Tooth and Tails art style, soundtrack, and audio received positive reactions from critics. Chloi Rad at IGN wrote that because of the combination of these elements, it was an "arcade-like strategy game experience like no other this year". Kotakus Alex Walker praised Pocketwatch Games for their ability to create "truly, truly beautiful" artwork without spending "millions of dollars teams of artists". AusGamerss Kosta Andreadis considered the art, while not the most impressive of 2017, subtle and pleasing in its presentation. He praised the ability of the animation to change intensities depending on the setting. Andreadis also commented on the audio, believing it added to the experience. Hancock commented on the similarities between the soundtracks of Monacos and Tooth and Tail; both of which were composed by Austin Wintory. The main similarities he noted were the fast-paced tracks during battle sequences and the use of slower tracks during less intense moments to imply a "revolutionary feel". He concluded by commending the accomplishment of matching the soundtrack with the game's theme.

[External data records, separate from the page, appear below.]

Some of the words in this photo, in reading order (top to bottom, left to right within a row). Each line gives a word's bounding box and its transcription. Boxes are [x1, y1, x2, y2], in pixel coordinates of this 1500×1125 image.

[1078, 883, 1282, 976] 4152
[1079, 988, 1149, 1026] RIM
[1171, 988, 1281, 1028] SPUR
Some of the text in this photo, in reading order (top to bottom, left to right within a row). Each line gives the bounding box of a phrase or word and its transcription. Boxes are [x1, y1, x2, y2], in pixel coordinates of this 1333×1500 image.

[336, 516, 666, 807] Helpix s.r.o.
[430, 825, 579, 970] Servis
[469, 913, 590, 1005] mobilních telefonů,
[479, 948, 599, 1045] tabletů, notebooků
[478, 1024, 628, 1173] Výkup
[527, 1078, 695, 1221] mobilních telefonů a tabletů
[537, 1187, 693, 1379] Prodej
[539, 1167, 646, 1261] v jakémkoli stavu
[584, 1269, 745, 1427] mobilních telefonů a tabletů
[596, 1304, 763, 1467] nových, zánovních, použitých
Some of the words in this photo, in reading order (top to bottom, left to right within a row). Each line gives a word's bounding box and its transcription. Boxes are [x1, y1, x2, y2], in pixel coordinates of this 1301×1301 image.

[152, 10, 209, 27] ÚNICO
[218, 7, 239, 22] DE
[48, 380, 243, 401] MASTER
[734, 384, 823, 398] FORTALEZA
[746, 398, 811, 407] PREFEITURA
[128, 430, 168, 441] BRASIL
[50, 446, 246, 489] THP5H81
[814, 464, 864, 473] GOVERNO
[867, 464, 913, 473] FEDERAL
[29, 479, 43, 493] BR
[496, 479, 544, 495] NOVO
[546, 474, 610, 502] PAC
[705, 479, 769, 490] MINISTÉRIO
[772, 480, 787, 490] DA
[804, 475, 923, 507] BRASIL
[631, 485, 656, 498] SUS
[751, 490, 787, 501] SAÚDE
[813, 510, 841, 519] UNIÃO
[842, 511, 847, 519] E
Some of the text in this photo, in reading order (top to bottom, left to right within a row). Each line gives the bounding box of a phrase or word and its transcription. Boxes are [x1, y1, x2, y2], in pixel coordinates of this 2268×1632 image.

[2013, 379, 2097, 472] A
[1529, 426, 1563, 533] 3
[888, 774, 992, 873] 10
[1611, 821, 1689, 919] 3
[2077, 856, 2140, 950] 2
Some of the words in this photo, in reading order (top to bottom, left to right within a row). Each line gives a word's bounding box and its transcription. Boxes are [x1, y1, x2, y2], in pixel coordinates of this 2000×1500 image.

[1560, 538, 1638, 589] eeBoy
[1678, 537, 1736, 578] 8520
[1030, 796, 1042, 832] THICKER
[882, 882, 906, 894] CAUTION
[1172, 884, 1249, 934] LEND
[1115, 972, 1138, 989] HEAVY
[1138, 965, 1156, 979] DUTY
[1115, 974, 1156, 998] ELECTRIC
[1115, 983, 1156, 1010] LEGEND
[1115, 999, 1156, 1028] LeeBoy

====Awards and accolades====
Tooth and Tail won the award for "Best Character Design" at Intel Level Up 2016 and tied with Giant Cop for the 2016 Media Indie Exchange's Guest's Pick. It was also nominated for "Gamer's Voice (Multiplayer)" at the 2017 SXSW Gamer's Voice Awards. The game was nominated for "Best Strategy Game" three times; once at The Game Awards 2017, once at PC Gamers 2017 Game of the Year Awards, and once at IGNs Best of 2017 Awards. PC Gamer included Tooth and Tail on the list of the best game music of 2017. The game was nominated for the "Excellence in Narrative" award at the 2018 Independent Games Festival, and for "2017 ASCAP Video Game Score of the Year" at the ASCAP Composers' Choice Awards.